Problem 2: 32% We have a stream of tuples describing employee histories, such as those above. The tuples arrive ordered by their timestamps. We want to project out Title and produce coalesced tuples in the output. (Q21) write an SQL-TS query to do that (Q22) write an SQL-MR query to do that. SQL-TS SELECT empno, first(B.start), max(B.end) FROM Emp AS PATTERN (B+) PARTITION BY empno ORDER BY start WHERE NOT EXISTS (SELECT empno AS cover FROM Emp WHERE cover.start = B.start) AND ( count(B.empno)=1 OR max(previous(B.end)) >= B.start ) So we begin with a period whose start is not covered by another Then we find a sequence of only one period and we continue while the next start is before the end of the still growing coalesced period.
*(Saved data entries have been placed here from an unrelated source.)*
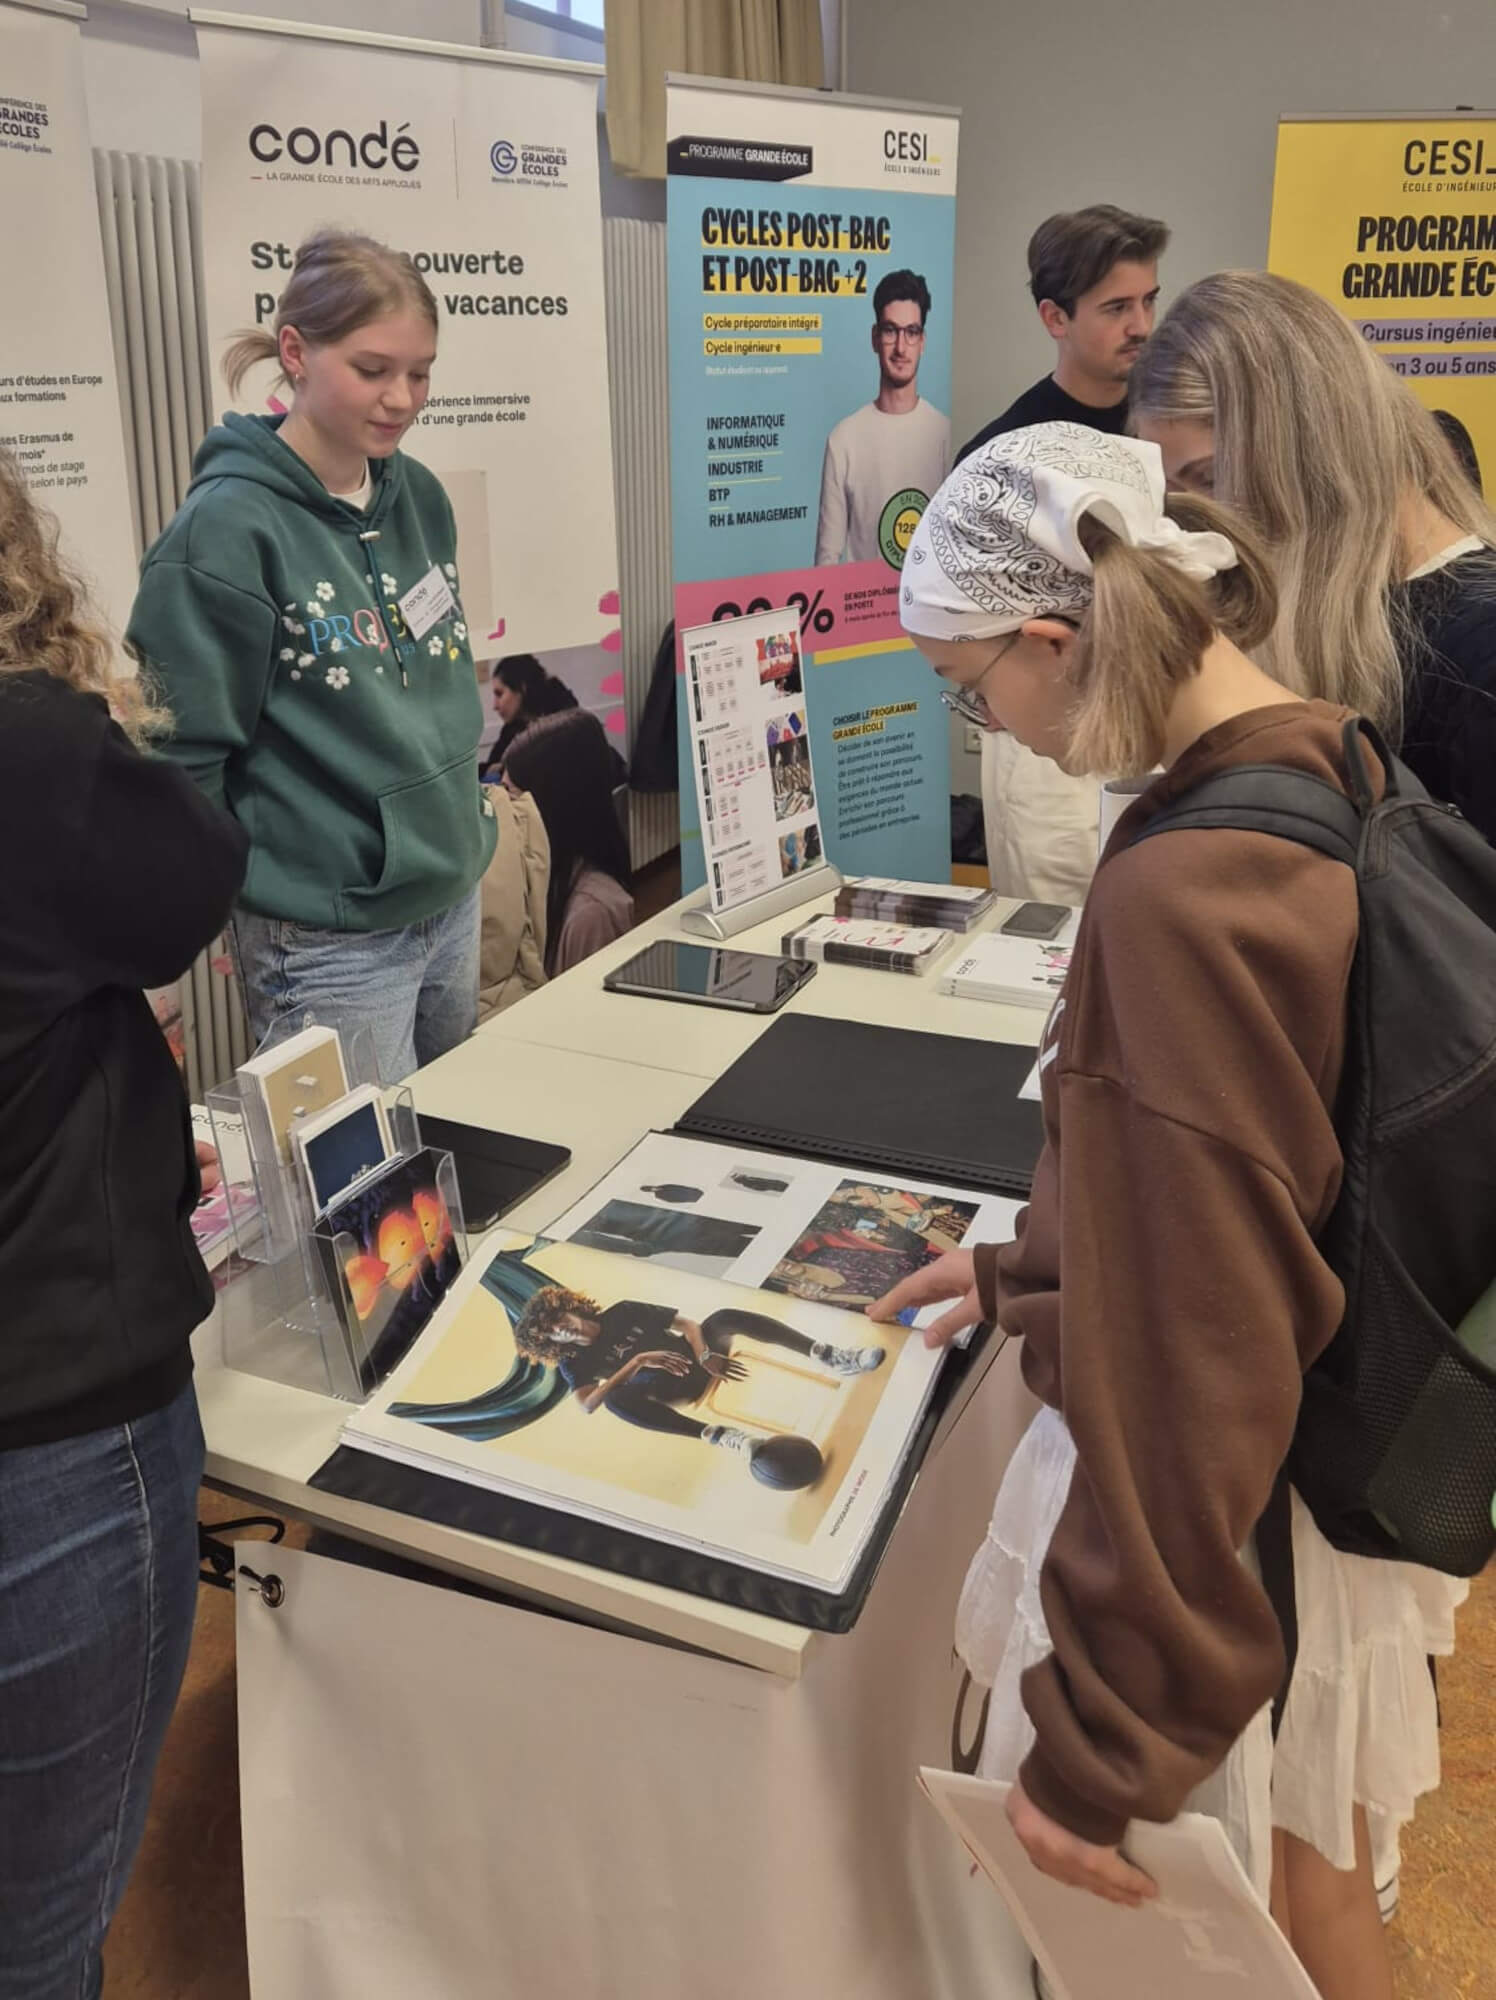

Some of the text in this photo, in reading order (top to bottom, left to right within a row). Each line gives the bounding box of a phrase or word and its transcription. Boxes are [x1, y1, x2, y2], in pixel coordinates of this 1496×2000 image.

[0, 107, 48, 126] RANDES
[249, 121, 420, 172] condé
[883, 129, 928, 162] CESI
[521, 152, 567, 166] GRANDES
[689, 144, 809, 166] PROGRAMME GRANDE ÉCOLE
[522, 163, 559, 176] ÉCOLES
[266, 172, 278, 181] LA
[279, 173, 315, 183] GRANDE
[346, 176, 361, 186] DES
[1402, 180, 1433, 192] ÉCOLE
[702, 206, 891, 251] CYCLES POST-BAC
[413, 249, 524, 275] ouverte
[702, 254, 867, 294] ET POST-BAC +2
[1342, 261, 1457, 299] GRANDE
[444, 293, 568, 316] vacances
[705, 315, 819, 331] Cycle préparatoire intégré
[1362, 323, 1424, 341] Cursus
[705, 341, 732, 356] Cycle
[1410, 357, 1422, 375] 3
[1424, 361, 1448, 375] ou
[1451, 356, 1463, 375] 5
[1465, 360, 1496, 374] ans
[16, 375, 58, 387] d'études
[58, 376, 71, 385] en
[71, 374, 103, 388] Europe
[14, 391, 66, 402] formations
[424, 392, 530, 408] périence immersive
[422, 413, 455, 425] d'une
[456, 411, 494, 427] grande
[495, 410, 526, 422] école
[707, 413, 785, 431] INFORMATIQUE
[19, 433, 60, 445] Erasmus
[62, 432, 74, 442] de
[708, 431, 779, 450] & NUMÉRIQUE
[47, 462, 58, 473] de
[60, 461, 85, 473] stage
[708, 459, 763, 477] INDUSTRIE
[56, 477, 64, 487] le
[66, 476, 88, 488] pays
[708, 488, 730, 502] BTP
[709, 506, 808, 528] RH & MANAGEMENT
[832, 701, 918, 727] CHOISIR LE PROGRAMME
[832, 721, 884, 741] GRANDE ÉCOLE
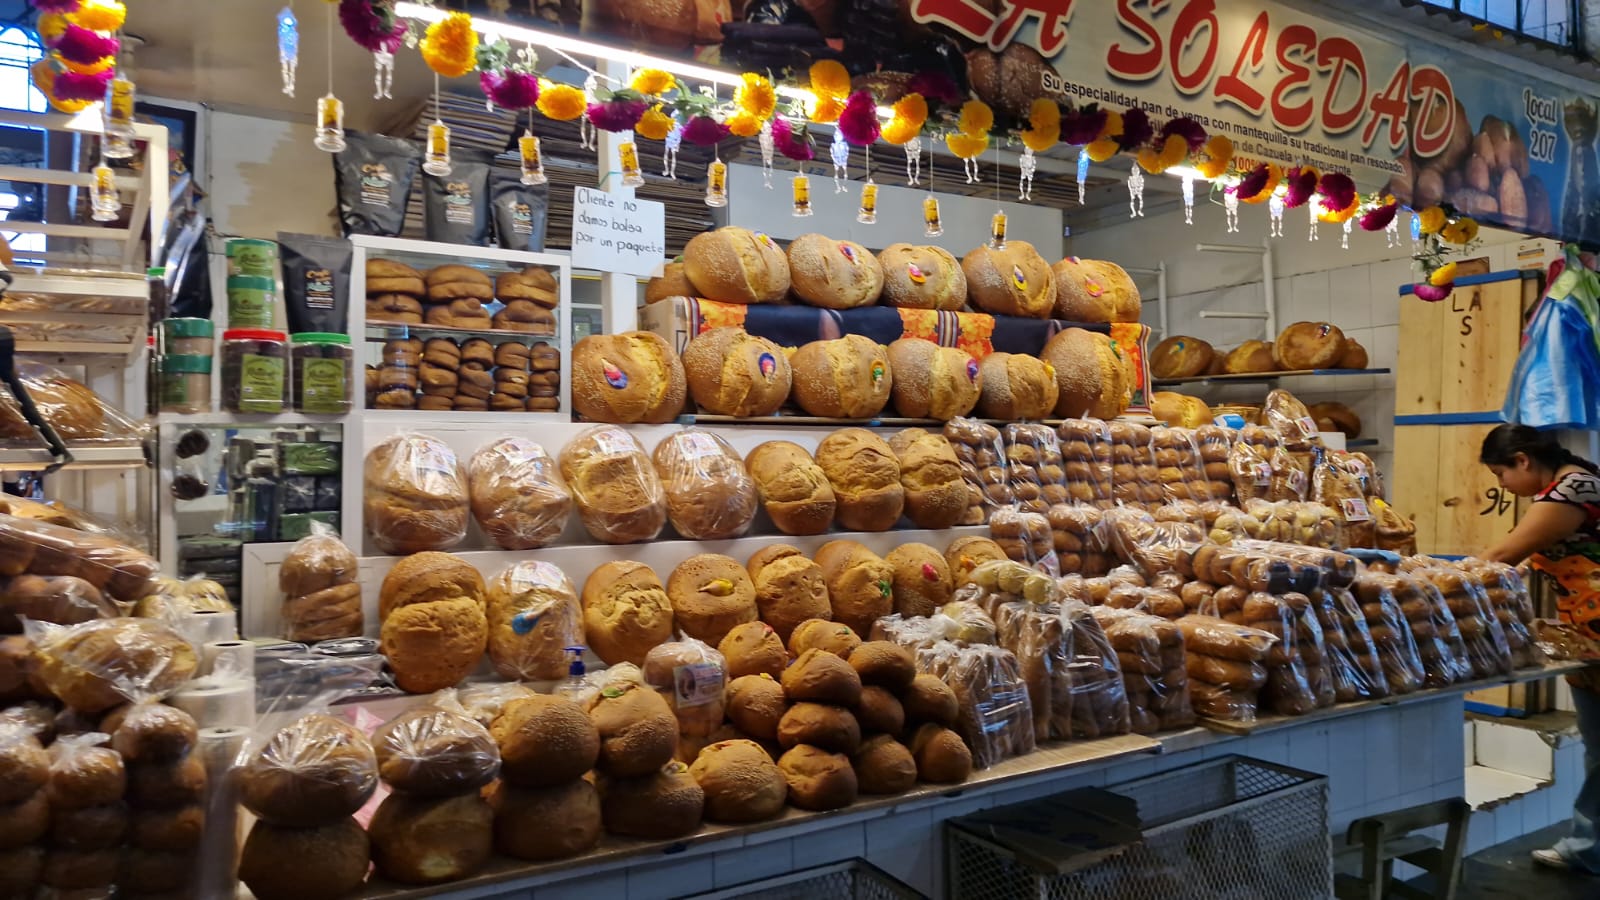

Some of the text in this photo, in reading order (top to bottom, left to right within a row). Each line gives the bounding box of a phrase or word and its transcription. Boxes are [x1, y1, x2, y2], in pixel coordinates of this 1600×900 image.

[1105, 0, 1456, 155] SOLEDAD
[1524, 89, 1556, 124] Local
[1043, 73, 1060, 90] Su
[1064, 81, 1138, 109] especialidad
[1141, 101, 1162, 114] pan
[1165, 104, 1178, 118] de
[1212, 116, 1231, 130] con
[1233, 120, 1288, 148] mantequilla
[1290, 138, 1301, 148] su
[1303, 140, 1348, 161] tradicional
[1350, 153, 1365, 166] pan
[1241, 140, 1254, 153] de
[1255, 143, 1293, 162] Cazuela
[1531, 130, 1555, 161] 207
[578, 188, 637, 212] Cliente no
[578, 210, 643, 233] damos bolsa
[576, 231, 664, 256] por un paquete
[1452, 292, 1482, 313] LA
[1460, 316, 1472, 336] S
Problem 2: 32% We have a stream of tuples describing employee histories, such as those above. The tuples arrive ordered by their timestamps. We want to project out Title and produce coalesced tuples in the output. (Q22) write an SQL-MR query to do that. SQL-MR SELECT empno, /*employee number*/ startTS, /*start of the next maximal period*/ endTS /*end of the current maximal period*/ FROM Emp MATCH_RECOGNIZE ( PARTITION BY empno ORDER BY start MEASURES B.empno AS Eno, FIRST(B.start) AS startTS, MAX(B.end) AS endTS ONE ROW PER MATCH AFTER MATCH SKIP PAST LAST ROW /* a hole between periods*/ MAXIMAL MATCH PATTERN (B+) DEFINE B AS (B.empno =1) OR MAX(PREV(B.end))>= B.start )

Problem 3: 28% 3A We have a time-stamped data stream that begins at time TAlpha, and we can call SQL 2003 aggregates with UNLIMITE PRECEDING. We want to compute the COUNT on a sliding window of 80 minutes without using windows since they require too much memory. Write an ESL expression to do that. Say that we have union-merged the live stream and the one coming from disk. Thus we might have something like: SMstream(timestamp, IP, source) where source tells us if it is a live event or one from disk. The timestamp of events from disks has been incremented by 80 minutes. Also source=+1 denotes the original stream, wile source -1 denotes that this comes from disk. /* This counts alls the s in a widnow of 80 minutes.*/ SELECT SUM (source) (UNLIMITED PRECEDING) FROM SMstream /*This counts alls the s in a widnow of 80 minutes for each IP*/ SELECT SUM (source) (UNLIMITED PRECEDING) FROM SMstream 3B Now the input stream is filtered by a sampler that retains 5% of the input tuples and discard the rest. Is there an easy modification for query 3A that produces an accurate estimate for the exact count? Show and explain the modification. One should multiply by 100/5=20 the result. 3CNow we want to compute count_distinct. and also perform an accurate estimation for it. Explain why approaches similar to those used in 3A or 3B will not work well. E.g. if B contains N distinct items, a W of size N could just contain the same items or totally new ones. In the second case N+N is correct. In the first case it is not. Let U be the stream so far. W is the window, and B is the stream before W. If cntd denotes count distinct, in general cntd(B)+ cntd(W) can be quite different from cntd(U). 3DAnother approach to estimate count_distinct, consists in (i) maintaining a fixed size sample on a window (e.g., using the BOZ technique discussed in class), (ii) compute the count_distinct value on this window, and (iii) scale-up the result according to the tuple count in the original window (this is known for physical windows and can be computed with technique 3A for logical ones). Would this approach produce reliable estimates? (Support your statements with formulas and examples.) Again there is no way to guess the correct value from that of the sample. For instance, we have 5% sampling and we see 10 distinct items. In the original window we might have 50 distinct items of just the 10 we observed, and the rest are repetitions.